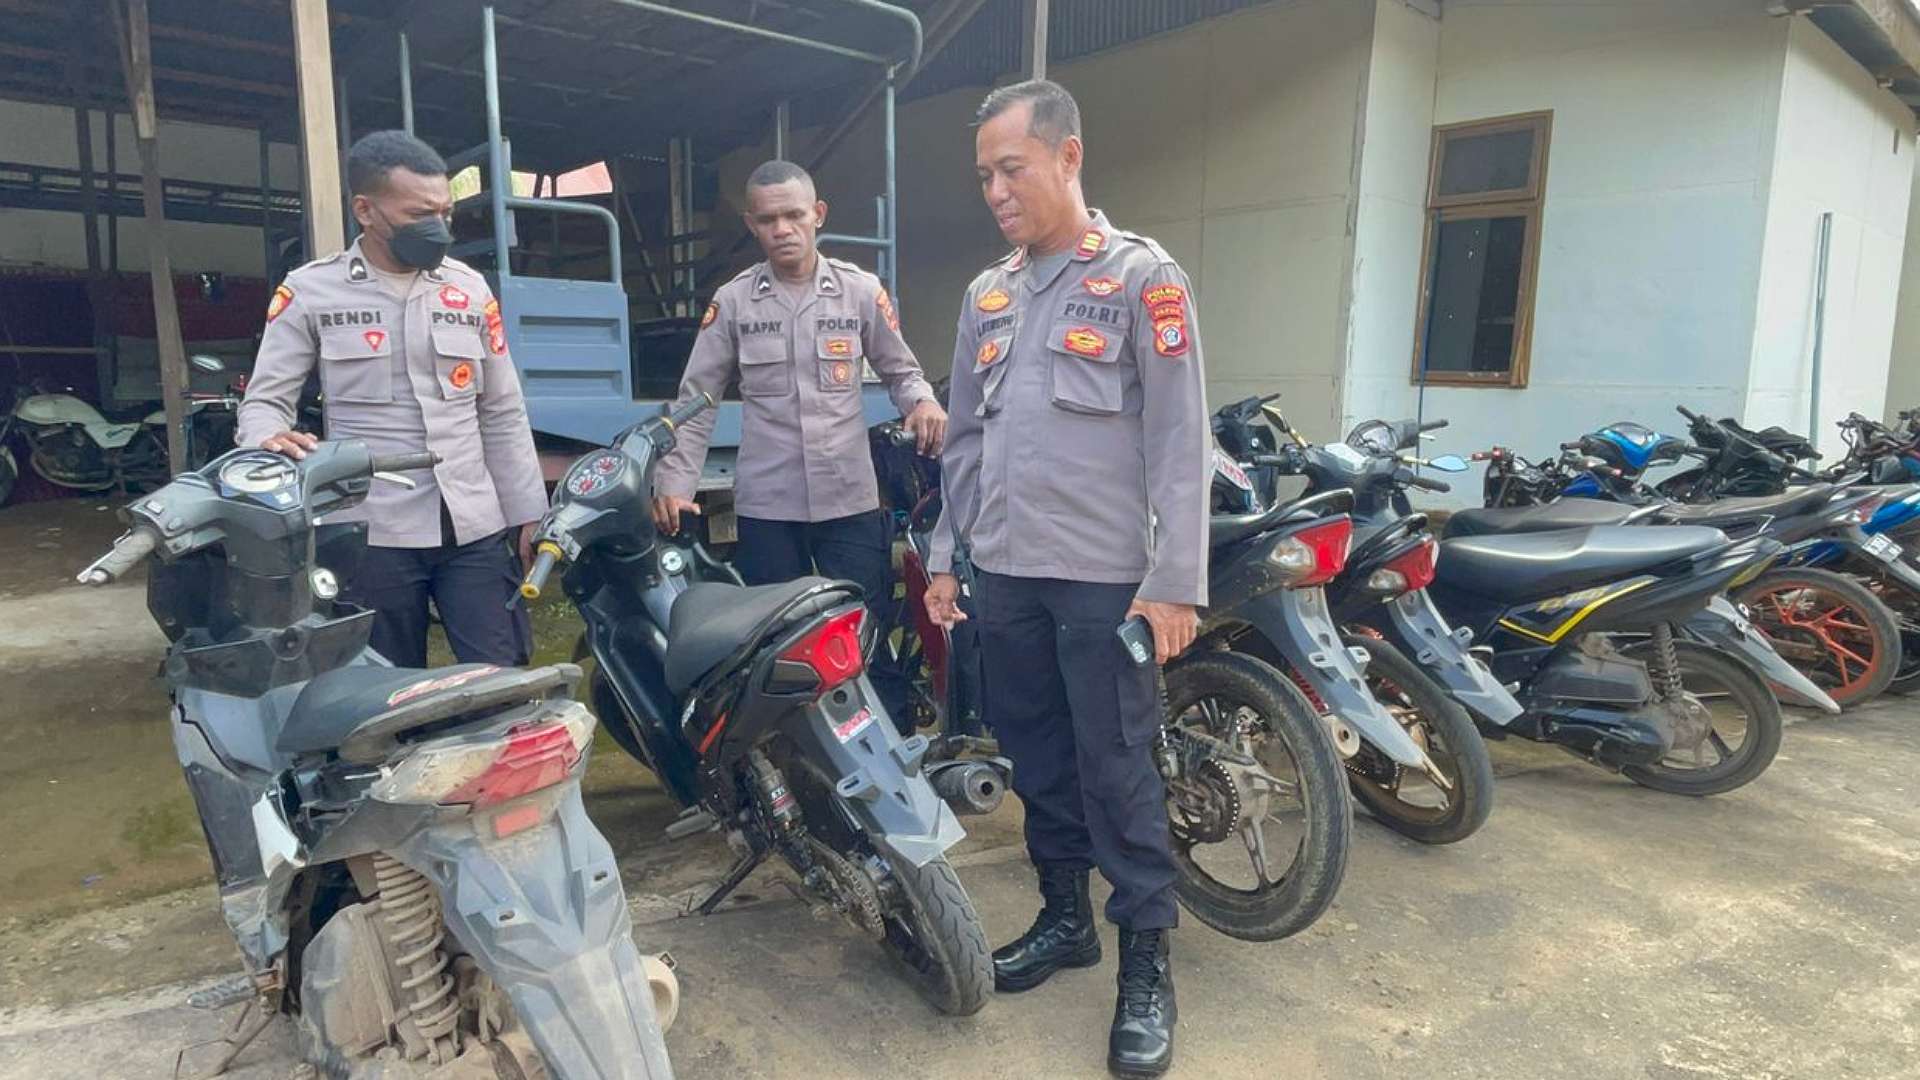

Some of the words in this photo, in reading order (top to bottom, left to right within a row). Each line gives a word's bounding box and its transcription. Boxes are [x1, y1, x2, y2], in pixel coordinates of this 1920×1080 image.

[320, 311, 382, 327] RENDI
[432, 311, 481, 327] POLRI
[1063, 303, 1121, 324] POLRI
[740, 321, 783, 336] W.APAY
[817, 318, 859, 332] POLRI

########################################

▸ **What to work on**
Would you reproduce the records exactly as they stand, but without the pictures?

▸ **Completed exercise**
Some of the words in this photo, in reading order (top to bottom, left to right within a row). Each line gives a word's bounding box and its transcription. Boxes are [x1, y1, x2, y2], in pixel coordinates of this 1920×1080 image.

[320, 311, 382, 327] RENDI
[432, 311, 481, 327] POLRI
[1063, 303, 1121, 324] POLRI
[740, 321, 783, 336] W.APAY
[817, 318, 859, 332] POLRI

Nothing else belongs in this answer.